Remy, playing more centrally after half time, won the ball from Kargounis after he miscontrolled Fulham’s kick off and hit a shot that Hangeland deflected wide. The resulting corner flashed right through the goal mouth. No matter, within moments Taarabt had tempted a foul from Karagounis in the penalty area and the R’s had a gift wrapped chance for a second goal. Sadly, Remy’s kick never looked like troubling the scorers.

But when Remy was then played through on goal by Mbia he was in no mood to look a second gift horse in the mouth and he fired a much more taxing chance than his penalty into the net off the underside of the bar under heavy pressure from Schwarzer and Senderos.

The ferocity of a soft handball appeal against Bosingwa at the back post – waved away by Probert – underlined the anxiety in the home ranks and Andros Townsend broke on the counter attack and tested Schwarzer with a low shot.

Despite an orchestrated “clapper rehearsal” before the kick-off, the Satanic clapper boards were now being used to shield home eyes from the horrors of an impending implosion rather than their intended purpose of annoying the living fuck out of any right thinking individual that should happen to find themselves within three quarters of a mile of one. The game was very much back in the balance.

Stephane Mbia, at the heart of everything, won a free kick which Taarabt curled around the wall but not through the crowd of players in the goal mouth. A cross from Traore landed at the feet of Chris Samba but he shot wide after taking a touch to steady himself. Now it was Fulham that couldn’t get out of their own half, harangued and harassed by Mbia who was turning in his best ever QPR performance. The Cameroon midfielder won possession back on halfway with 15 minutes left to play and fed Remy with the sort of channel ball he seems to thrive on. On this occasion the French striker fired over after crafting space in the red zone. Zamora went closer still with a measured 25 yarder that Schwarzer saw late and finger tipped around the post. Junior Hoilett replaced Taarabt to join the one way traffic. It felt like a matter of time.

That feeling only grew stronger when Steve Sidwell – who’d responded to a footballing lesson by Taarabt in the Loftus Road fixture with gratuitous violence that should really have seen him sent off – overran his first piece of possession for half an hour with a League Two-standard touch and attempted to retrieve the situation with a wild lunging tackle that looked like a fool’s errand from the moment he embarked on it. Armand Traore, fragile as vintage porcelain at the best of times, was on the receiving end and although Sidwell decided to play dead and demand treatment while Brede Hangeland pleaded his case the red card was inevitable and he was left to face the long walk back to the Cottage a quarter of an hour early. A standing ovation his reward for a poor performance and idiotic sending off.

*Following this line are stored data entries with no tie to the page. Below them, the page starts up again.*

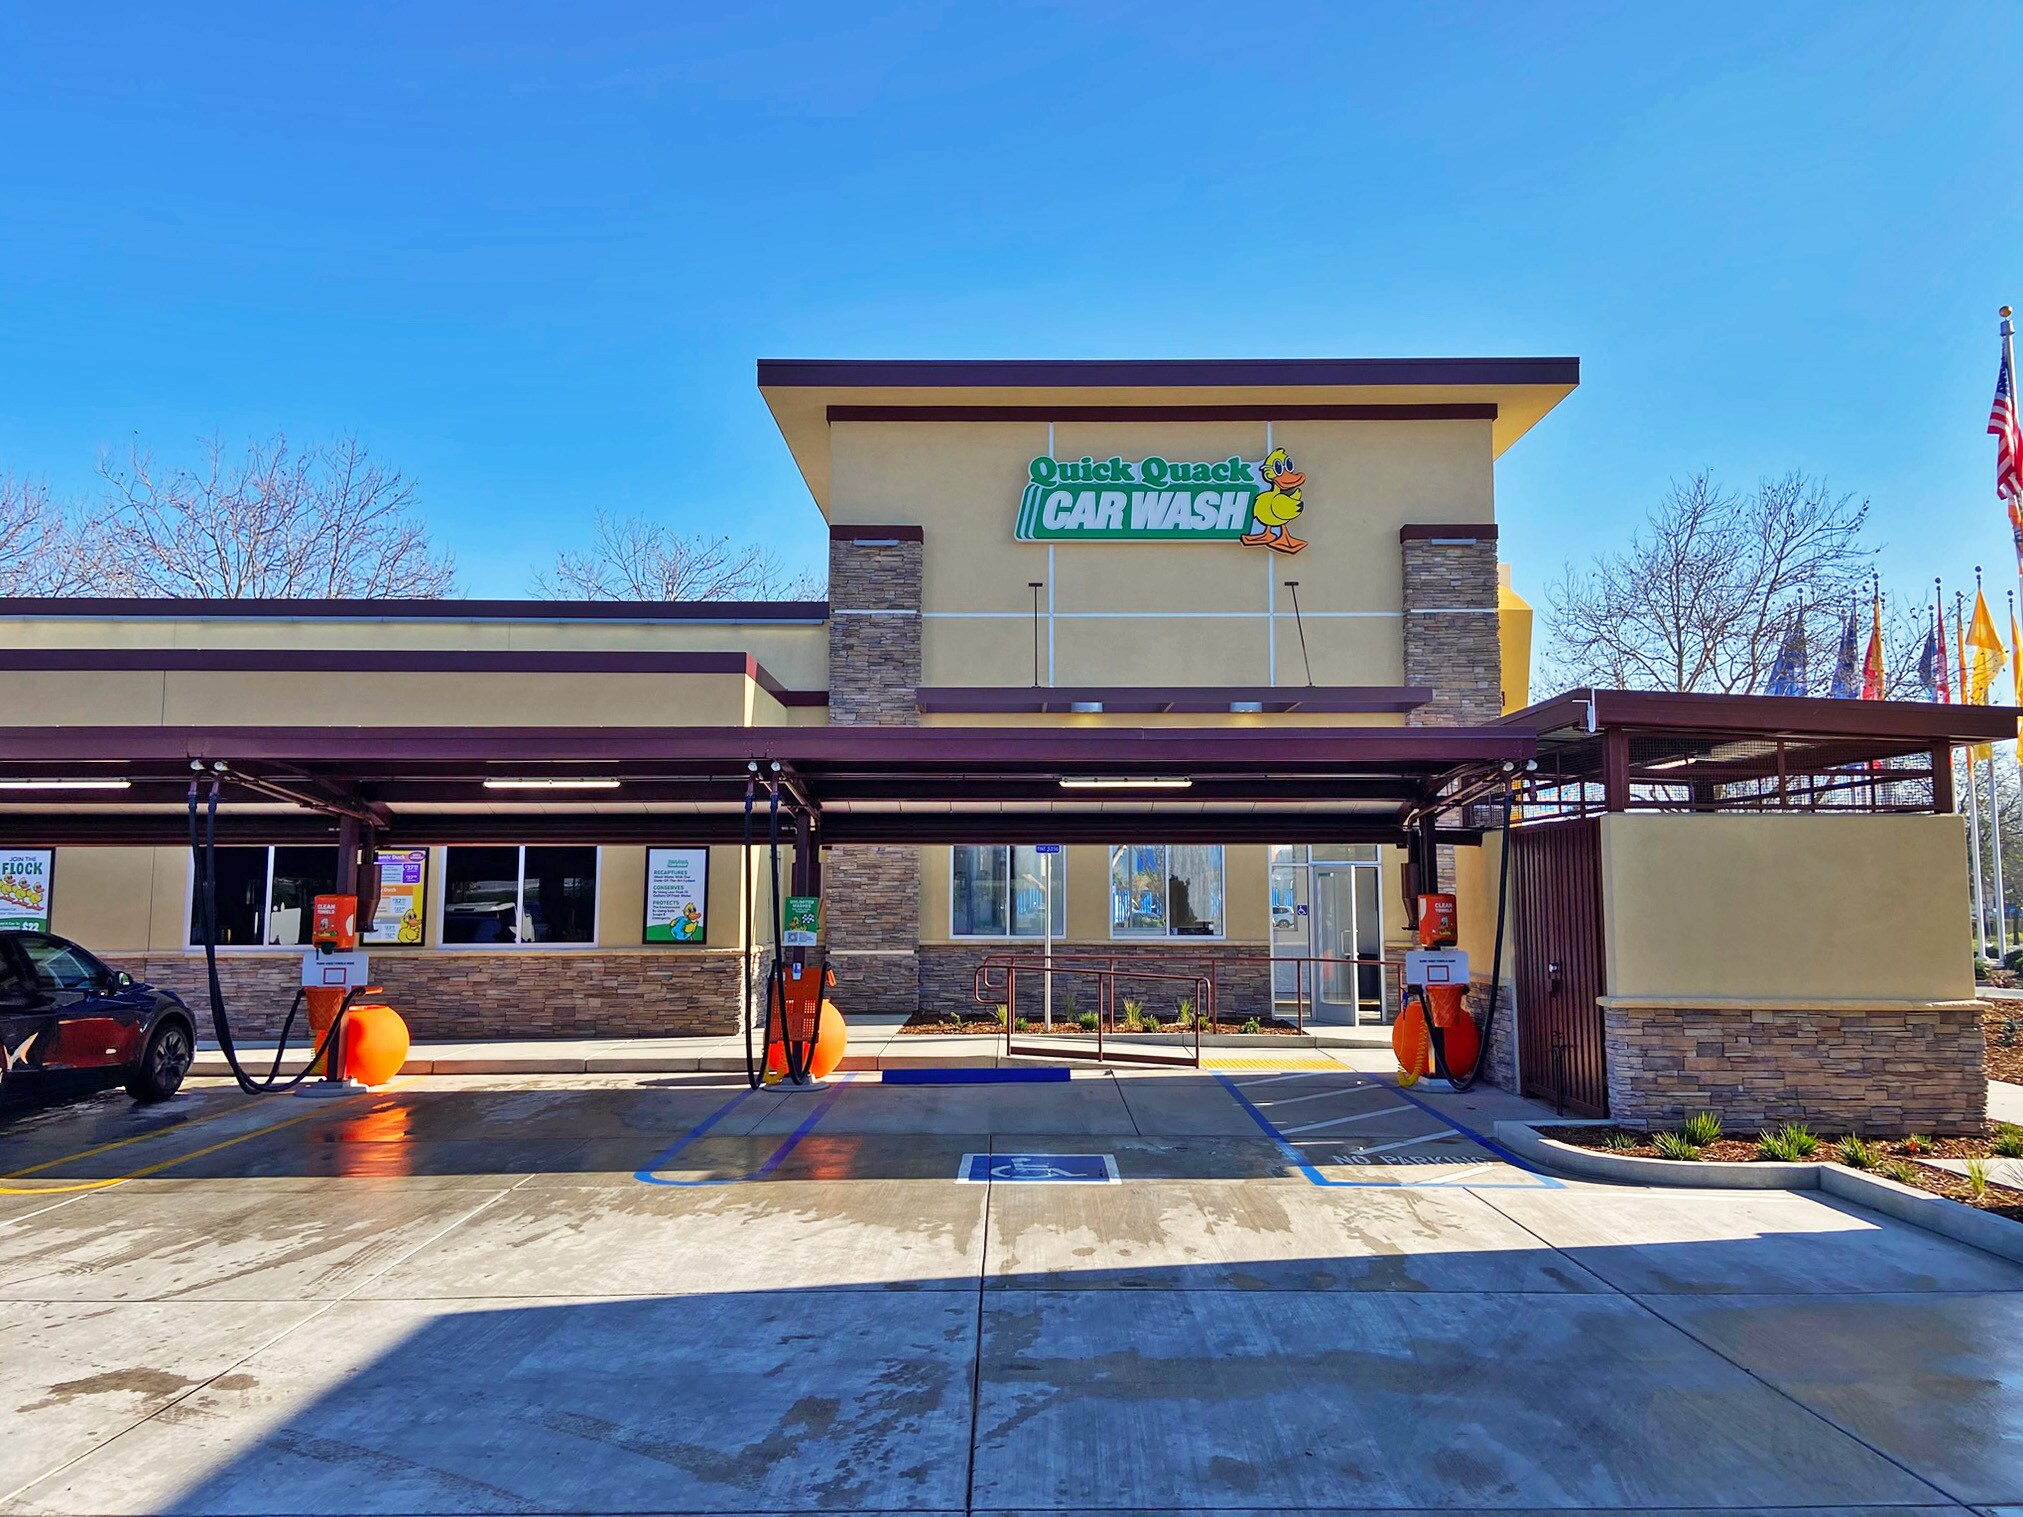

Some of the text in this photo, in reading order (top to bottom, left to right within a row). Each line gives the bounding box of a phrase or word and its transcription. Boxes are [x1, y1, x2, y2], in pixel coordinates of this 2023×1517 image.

[1030, 457, 1254, 487] Quick Quack
[1042, 491, 1250, 530] CAR WASH
[2, 862, 43, 875] FLOCK
[22, 921, 39, 931] $22
[1332, 1155, 1490, 1166] NO PARKING

Jol added Emmanuel Frimpong to his midfield instead of Urby Emanuelson, who himself had only come onto the field midway through the first half when Ashkan Dejagah injured himself executing an elaborate dive under minimal contact by the corner flag. Breath was now very much bated and the scene seemed set for a grandstand finish: the travelling faithful stamped their feet and sang about an impending third goal; Redknapp sent on Jamie Mackie for the injured Traore; Gary Neville sat poised over his machine ready to analyse the completion of a remarkable comeback; the clapper boards remained mercifully still and silent.

And then what? Well, nothing. Despite the momentum behind them, and a numerical advantage in their favour, Rangers simply stopped playing. Remy once again became a peripheral figure and the goal threat dried up. When QPR got the ball they either sent it exclusively down the right, where Riise had long since clocked Andros Townsend’s one footedness, or high into the night sky towards Chris Samba who’d gone forward as an auxiliary striker. Having struggled in both matches this season against the skills of Taarabt, Hangeland was no doubt relieved that the R’s had suddenly started to play a game he knew the rules to and the Norwegian dominated the closing stages.

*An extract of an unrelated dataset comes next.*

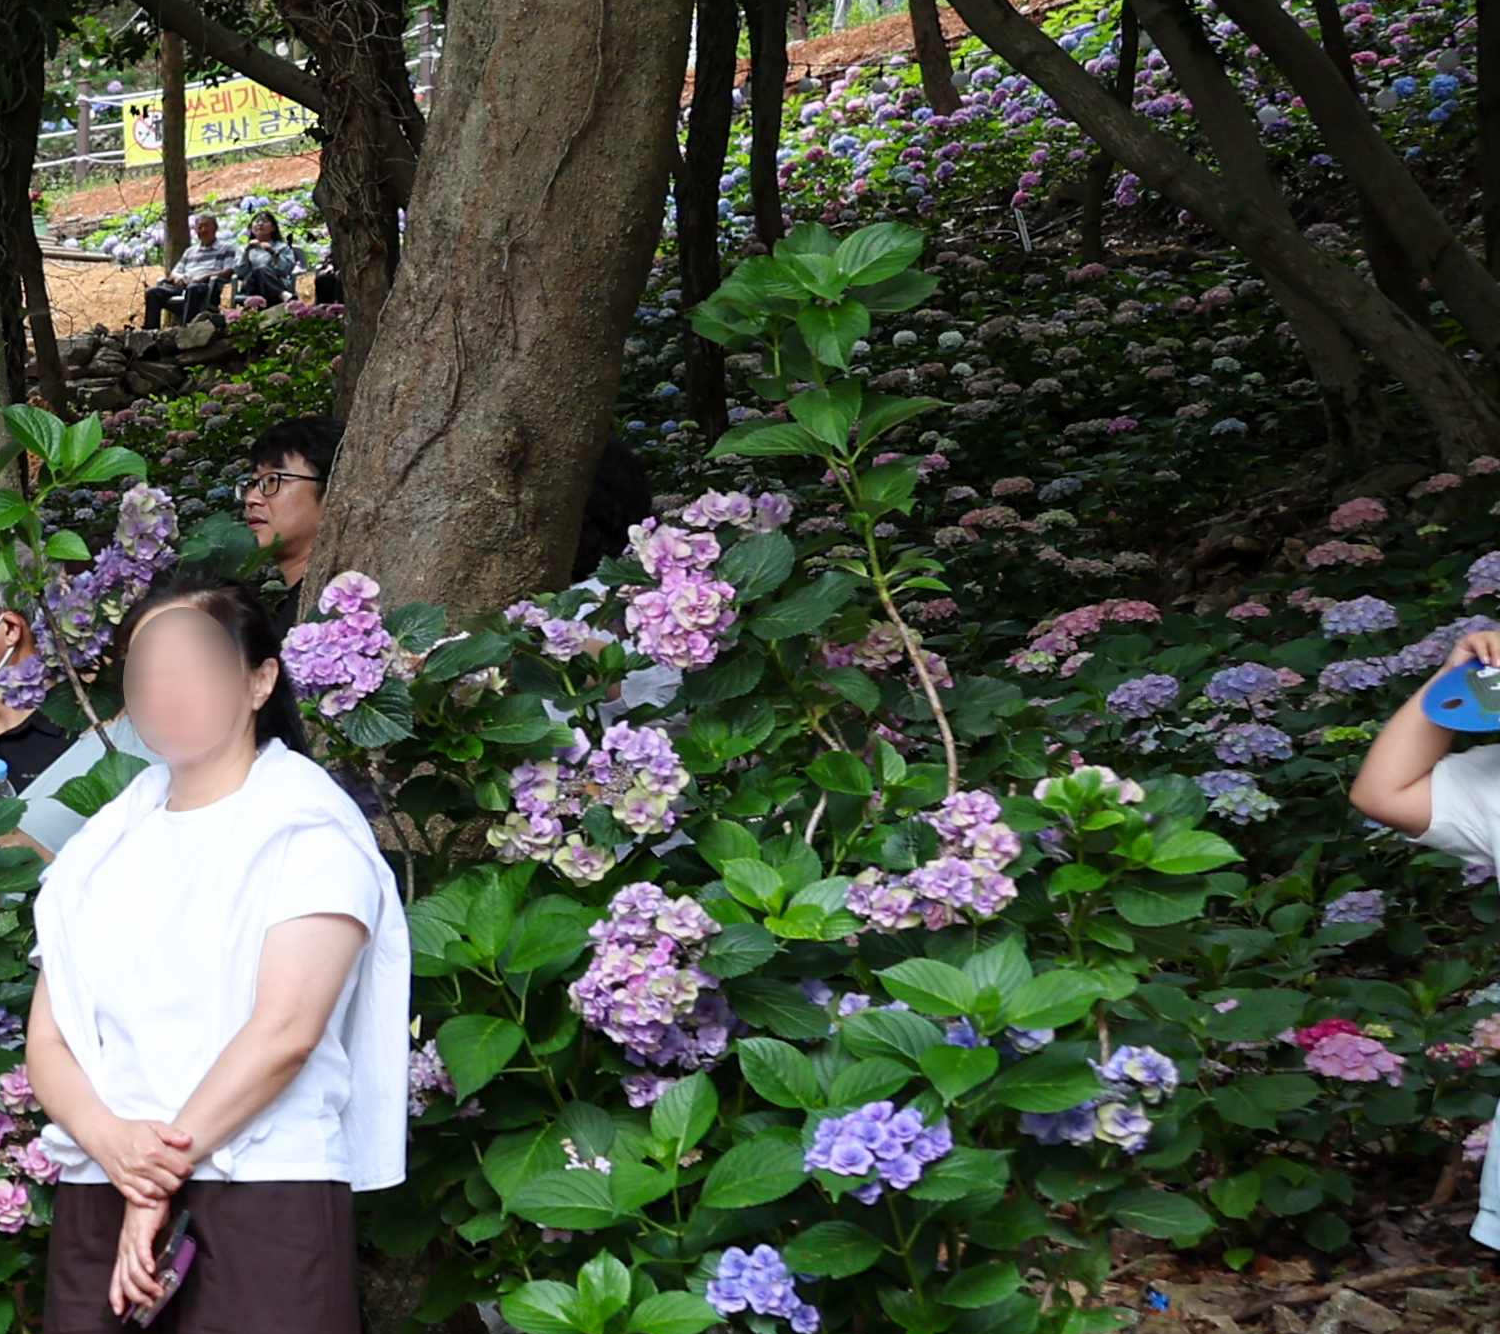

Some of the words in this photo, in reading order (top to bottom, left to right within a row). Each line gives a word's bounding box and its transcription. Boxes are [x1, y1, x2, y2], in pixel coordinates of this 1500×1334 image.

[185, 85, 259, 119] 쓰레기
[201, 116, 250, 145] 취사
[259, 104, 307, 135] 금지

First Riether and then Senderos were booked by Probert for time wasting and Mark Schwarzer was lucky not to go the same way but their gamesmanship was wholly unnecessary. A weak shot dragged wide of the post from ambitious distance by Jenas was all QPR had to show for almost 20 minutes of chasing an equaliser against a tired group of ten men they’d been dominating when it was 11 v 11.

In fact Fulham almost extended their lead in five minutes of stoppage time when Berbatov robbed Hill’s half time replacement Nedum Onuoha and set up Ruiz for a run on goal that he was muscled out of. The Costa Rican felt sure he’d been fouled, and slammed his fist into the turf in frustration, but he needn’t have worried. QPR’s hopes, it turned out, had left with Taarabt 20 minutes earlier. Whether that goes for their Premier League status as well remains to be seen.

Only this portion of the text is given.